Отелло подошел к столу и оглядел лакированную шкатулку, все ее отделения, задвинул крышку и в задумчивости провел по ребрам ее пальцем.

– Ни единый город не выстоит, если осаждать его таким оружием.

– Нет, – кивнул я. – Продержатся недолго.

– Генерал, у которого это есть, располагает дланью-молнией. А если цели его неправедны, он – сам сатана.

– Знамо дело, – опять кивнул я. – Генерал, ведущий войну за республику, чьи цели неправедны, превратит в бесов своих солдат, а честь свою – во зло.
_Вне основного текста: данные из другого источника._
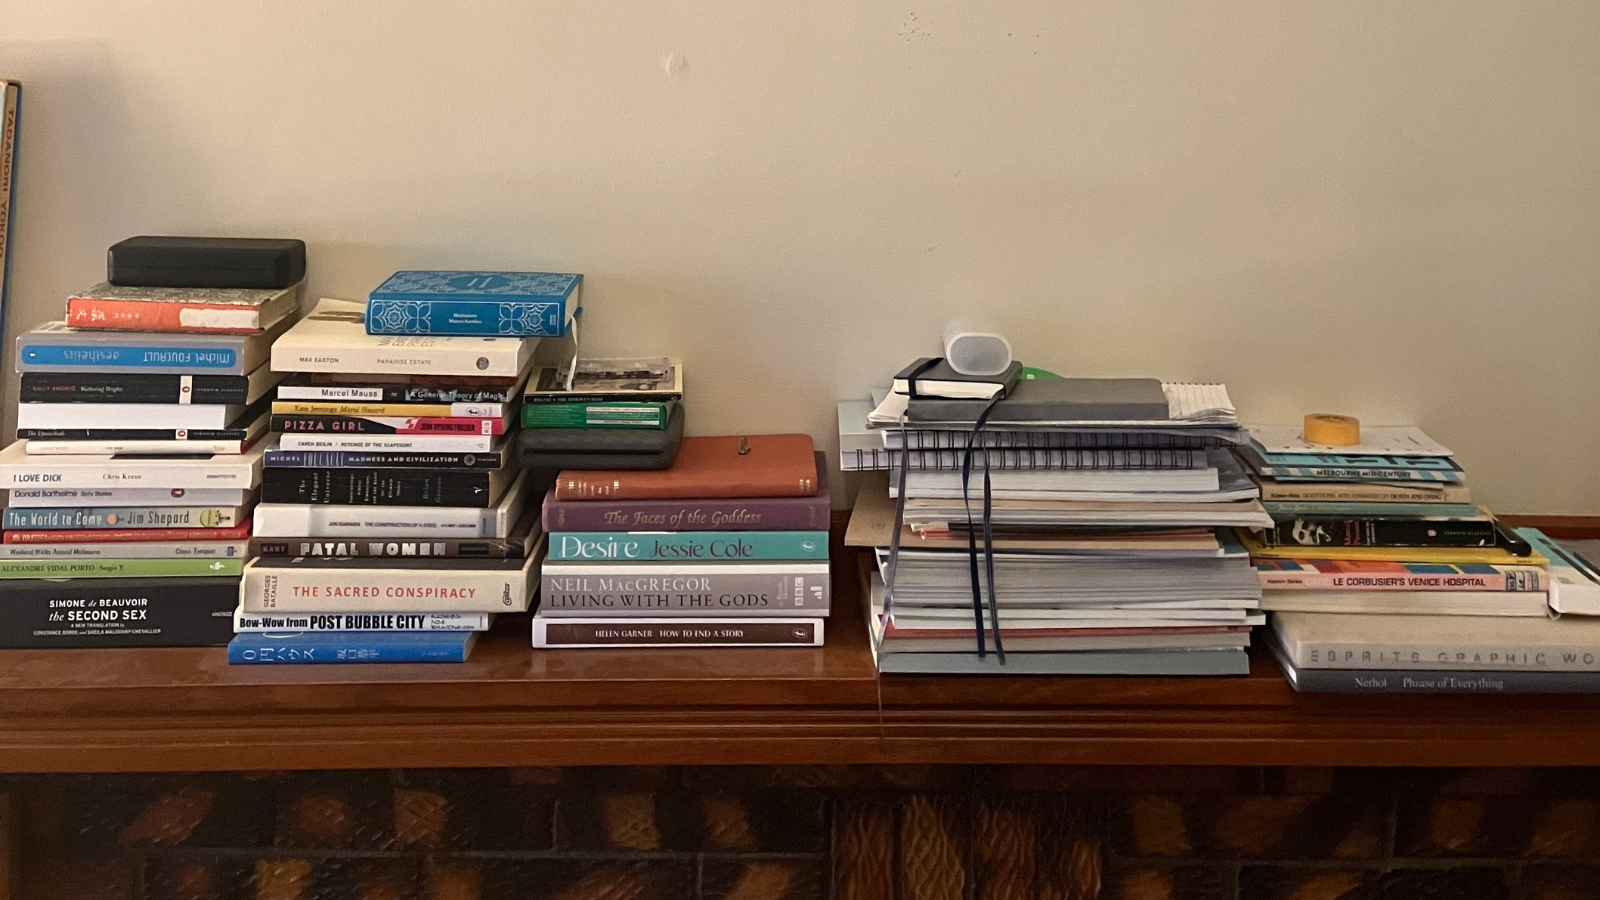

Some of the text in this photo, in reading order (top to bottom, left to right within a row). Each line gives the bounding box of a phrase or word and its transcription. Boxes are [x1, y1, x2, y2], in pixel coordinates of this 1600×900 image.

[3, 110, 14, 192] TADANORI
[63, 350, 230, 364] Michel FOUCAULT aesthetics
[321, 389, 378, 398] Marcel Mauss
[410, 391, 417, 399] A
[449, 391, 472, 402] Theory
[473, 391, 481, 400] of
[309, 405, 338, 413] Jennings
[284, 420, 365, 431] PIZZA GIRL
[13, 474, 62, 483] I LOVE DICK
[311, 472, 319, 501] Elegant
[14, 490, 40, 498] Donald
[81, 490, 94, 498] Sixty
[9, 511, 190, 526] The World to Come Jim Shepard
[604, 510, 761, 527] The Faces of the Goddess
[300, 543, 359, 555] FATAL
[368, 543, 446, 556] WOMEN
[560, 536, 753, 558] Desire Jessie Cole
[1, 565, 46, 573] ALEXANDRE
[46, 564, 69, 572] VIDAL
[70, 564, 95, 572] PORTO
[550, 578, 592, 592] NEIL
[1333, 577, 1344, 587] LE
[1346, 577, 1406, 587] CORBUSIER'S
[1407, 577, 1441, 587] VENICE
[1443, 577, 1487, 587] HOSPITAL
[263, 575, 271, 608] GEORGES
[270, 575, 278, 608] BATAILLE
[293, 586, 476, 599] THE SACRED CONSPIRACY
[794, 577, 804, 606] BBC
[49, 598, 148, 608] SIMONE de BEAUVOIR
[550, 593, 769, 607] LIVING WITH THE GODS
[48, 609, 147, 622] the SECOND SEX
[239, 616, 284, 629] Bow-Wow
[286, 617, 308, 629] from
[310, 616, 343, 630] POST
[345, 615, 394, 629] BUBBLE
[396, 615, 425, 629] CITY
[595, 630, 744, 638] HELEN GARNER HOW TO END A STORY
[1311, 650, 1595, 666] ESPRITS GRAPHIC WO
[1355, 677, 1504, 691] Nerhol Phrase of Everything
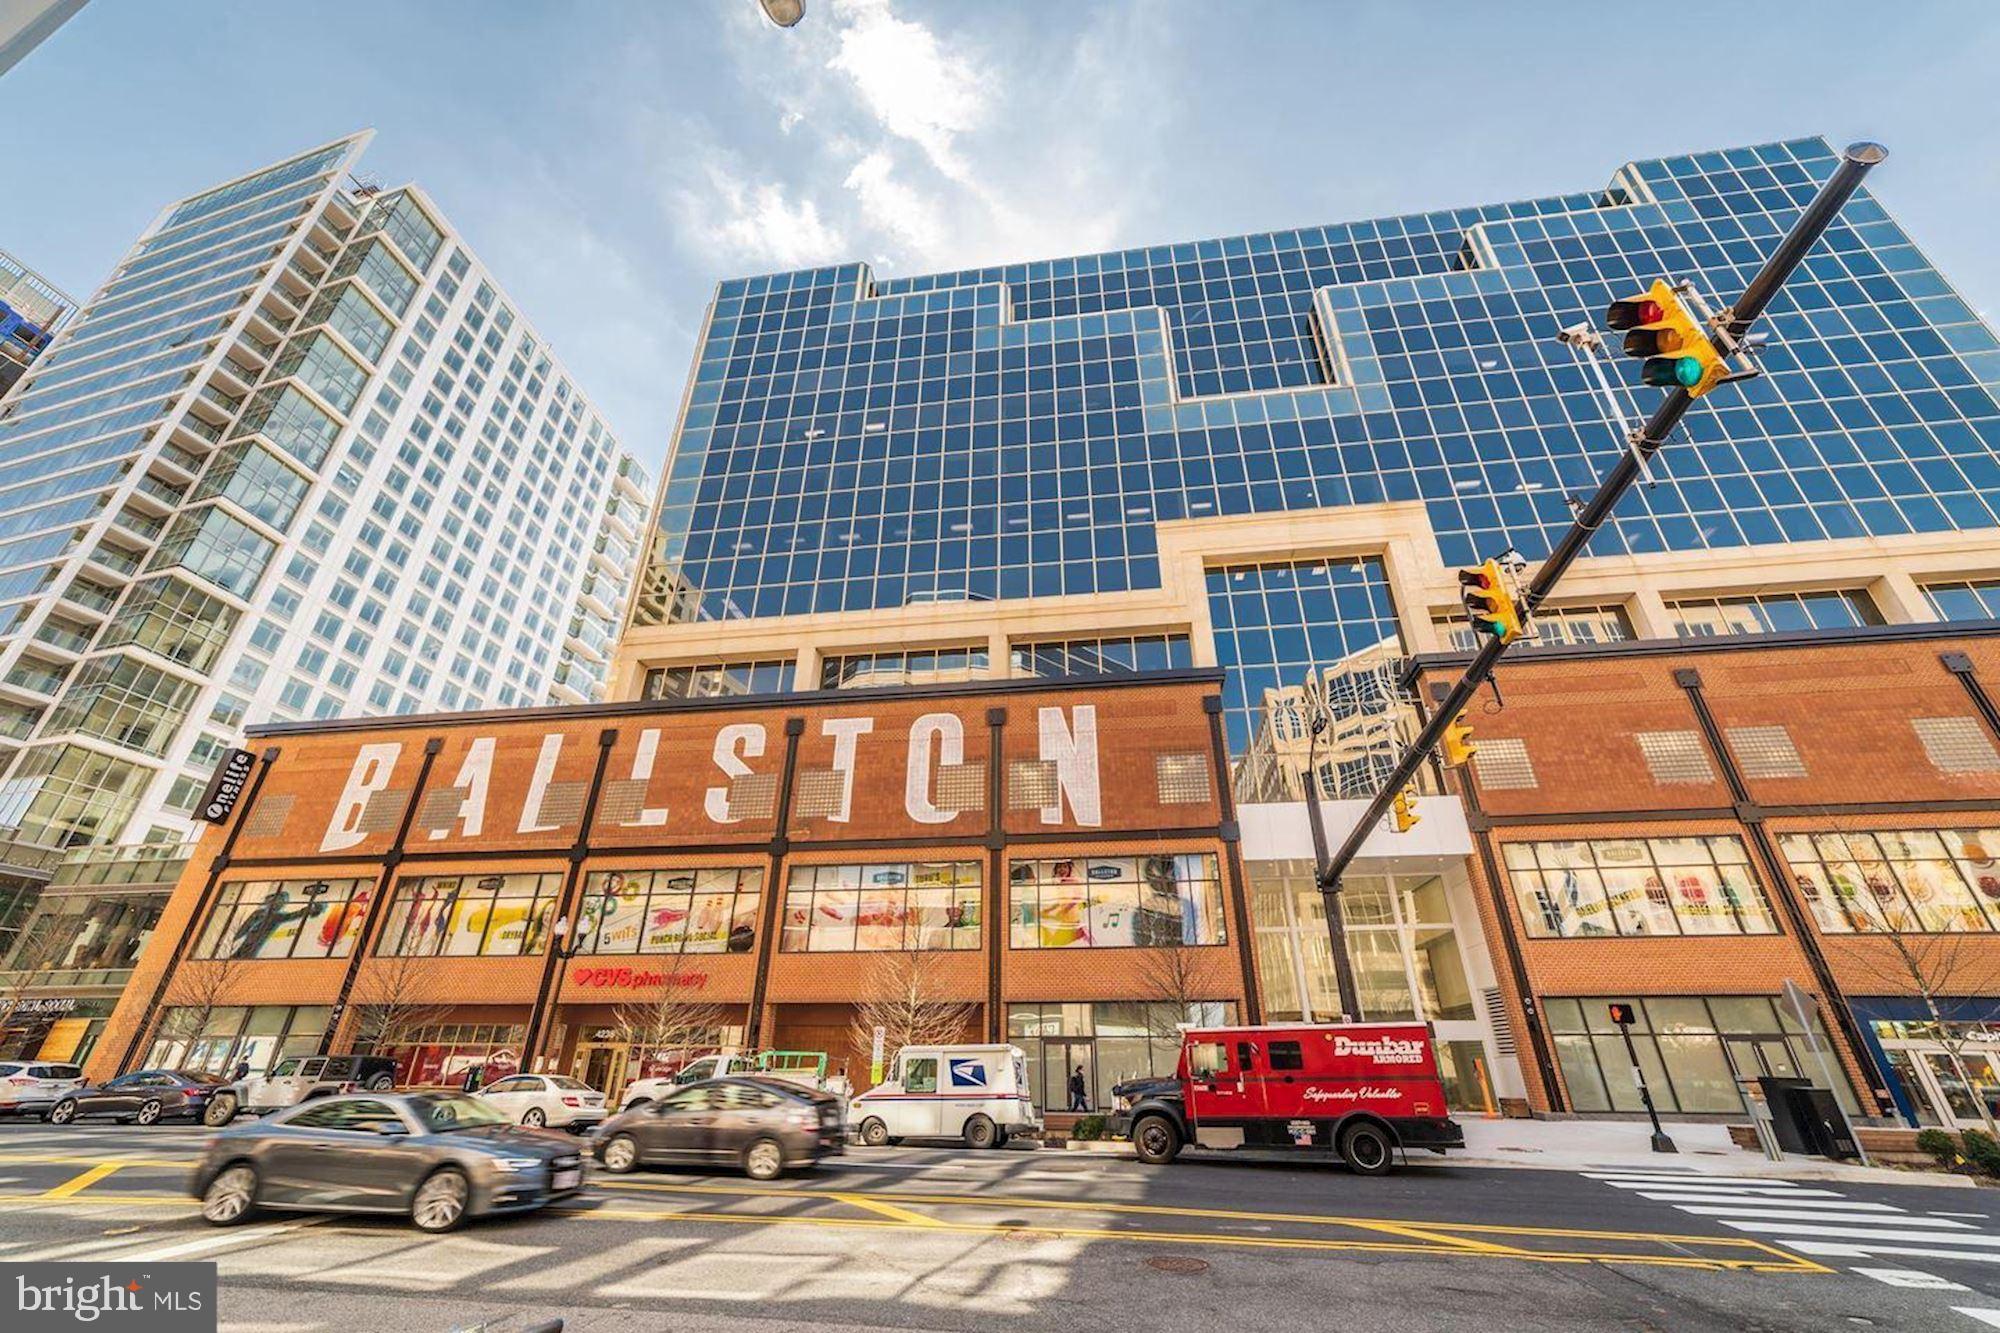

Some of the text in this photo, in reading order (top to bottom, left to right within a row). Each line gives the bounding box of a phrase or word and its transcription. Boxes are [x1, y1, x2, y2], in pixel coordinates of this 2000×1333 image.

– Сдается мне, ты не такой дурак, как я думал.

– Да и ты, мой господин.

– Я думаю, тебе пора вернуться в Венецию, Карман.

– Так точно, – ответил я.

– Я распоряжусь насчет корабля для тебя.

– Синьор Поло, вы не сходите за Джессикой? Скажите ей, чтоб собиралась. Если необходимо, сгребите ее в охапку. Подозреваю, отплывем мы с первым же приливом. Харчок, ступай к нам на квартиру и тоже все подготовь.

Отелло кивнул, попрощался с ними и поблагодарил Марко Поло, пожелал им счастливого пути, а я пока топтался рядом.

– Я вас догоню, – крикнул я им вслед. – Отелло, я не рассказывал тебе, как епископ Йоркский приказал меня повесить, еще когда я совсем молодым парнишкой был, даже борода не прорезалась?

– Нет. Епископ, говоришь? И как же ты сбежал?

– Я не сбегал. Меня и повесили. А потом я освободился – и стал делать все, что душа моя пожелает, и обрел удачу, и стал шутом и королем.

– И все это – потому, что тебя повесили?

– Настоятельница монастыря, где я рос, знал, что мне нипочем не избежать судьбы, уготованной мне епископом, поэтому он надел на меня крепкий пояс, прицепил к нему петлю так, чтобы вроде как обхватывала мою шею. Только вес мой весь приходился на веревку, привязанную к поясу под пастушьей рубахой. Затем, наутро, перед всей деревней он повесил меня в сарае, а попы засвидетельствовали, что казнь свершилась. Когда все разошлись, Базиль обрезал веревку, дал мне монету и отправил в мир свободным духом. Честно, вся эта херь про воскрешение имеет под собой, блядь, крепкие основания, в конце концов.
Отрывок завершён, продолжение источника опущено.